A holding company for a multitude of businesses, run by its famous Chairman and CEO, Warren Buffett

Berkshire Hathaway

Our humble story

Berkshire Hathaway, American holding company based in Omaha, Nebraska, that serves as an investment vehicle for Warren Buffett. In the early 21st century, it was one of the largest corporations, measured by revenues, in the United States. The company was also notable for the high price of its stock (more than $250,000 for one Class A share in 2017) and the small size of its headquarters staff (about 25 people).
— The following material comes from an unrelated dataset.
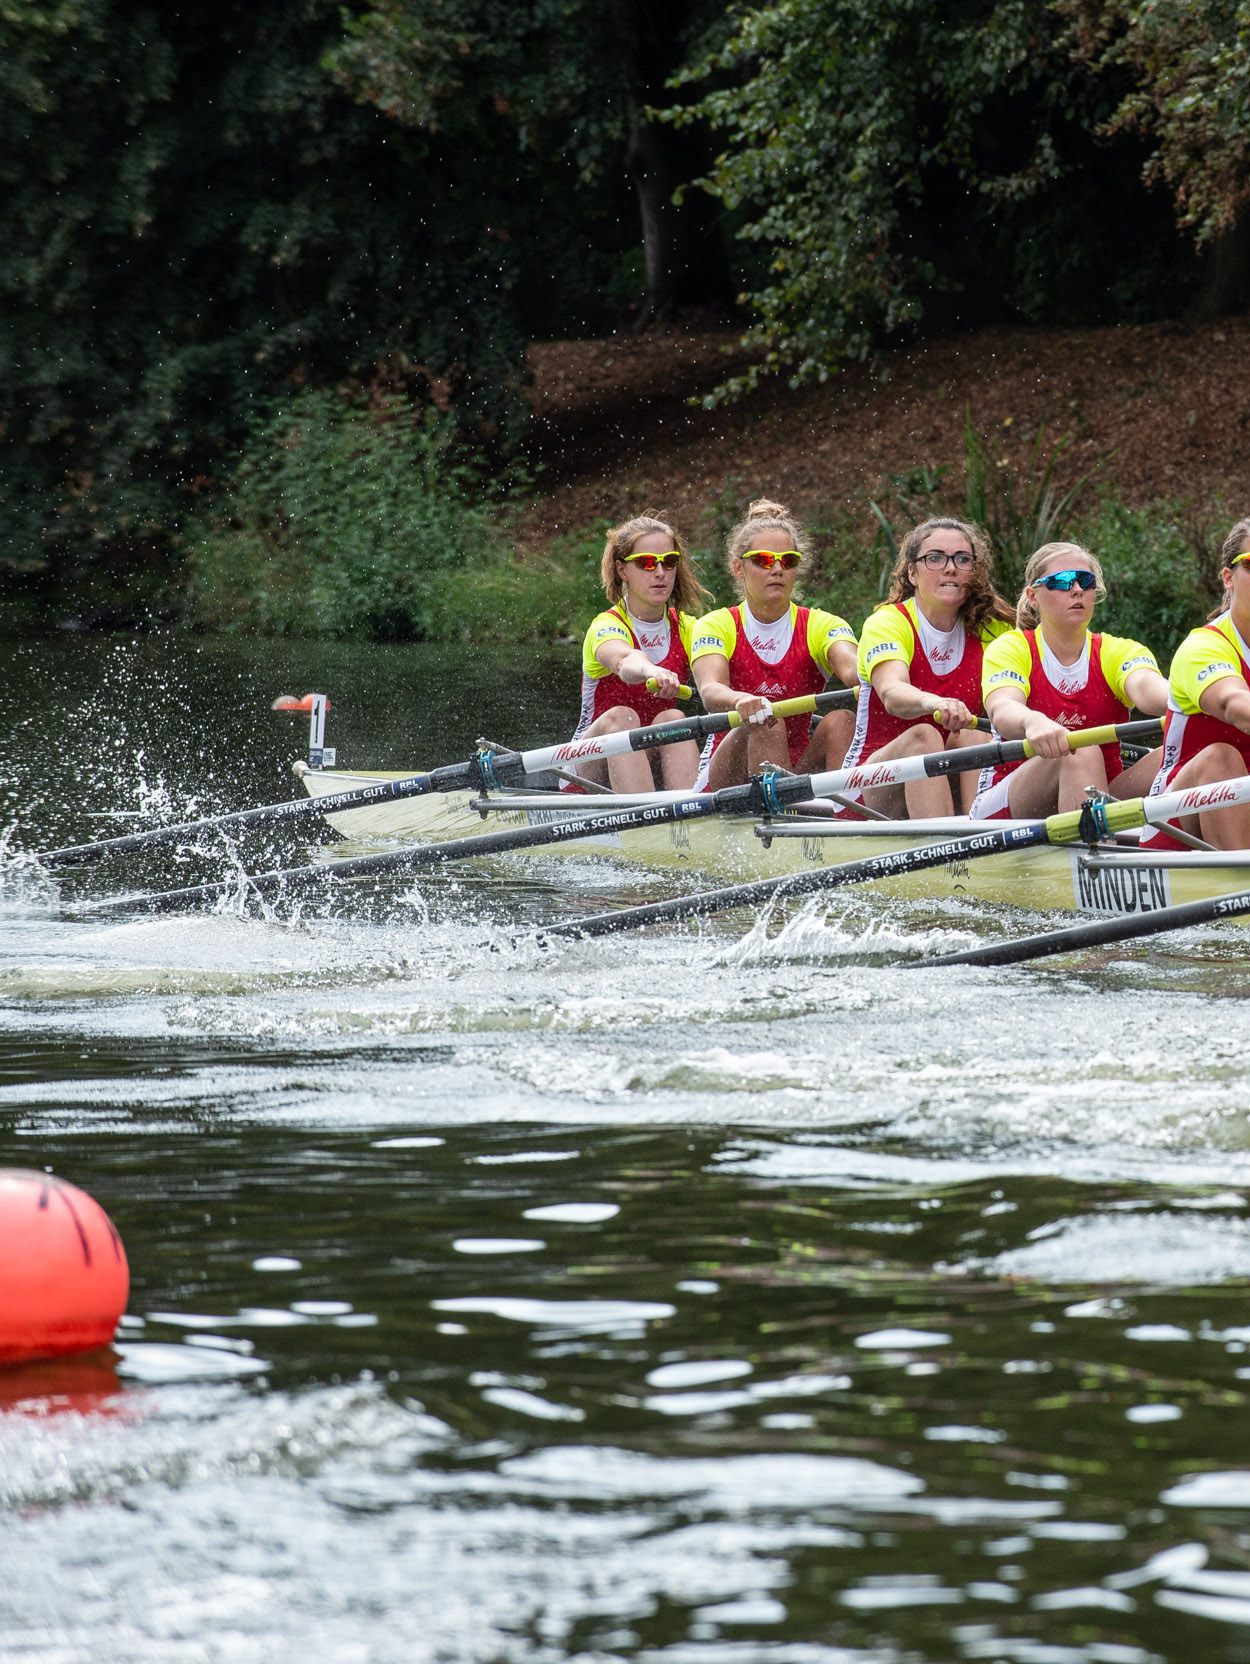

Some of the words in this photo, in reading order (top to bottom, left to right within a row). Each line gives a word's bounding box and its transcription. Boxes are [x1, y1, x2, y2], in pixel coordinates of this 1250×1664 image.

Berkshire Hathaway traces its history back to two Massachusetts textile firms: Hathaway Manufacturing Company (incorporated 1888) and Berkshire Cotton Manufacturing Company (incorporated 1889). Berkshire Cotton became Berkshire Fine Spinning Associates in 1929 and merged with Hathaway to form Berkshire Hathaway, Inc., in 1955. An investment group led by Buffett took full control of the company in 1965. Berkshire Hathaway liquidated its textile operations in 1985, by which time it was well-established as a holding company for Buffett’s other investments and corporate acquisitions.

Berkshire Hathaway

Investing portfolio

If you don't live in a cave, you've definitely used something we own. Do you use Windows? We have Microsoft shares. Wait…you prefer Apple? We own them too!

Have you ever eaten at McDonald's and had a BicMac, a french fries with ketchup and a Coke? That's great, we own Coca Cola, Kraft Heinz and also McDonald's!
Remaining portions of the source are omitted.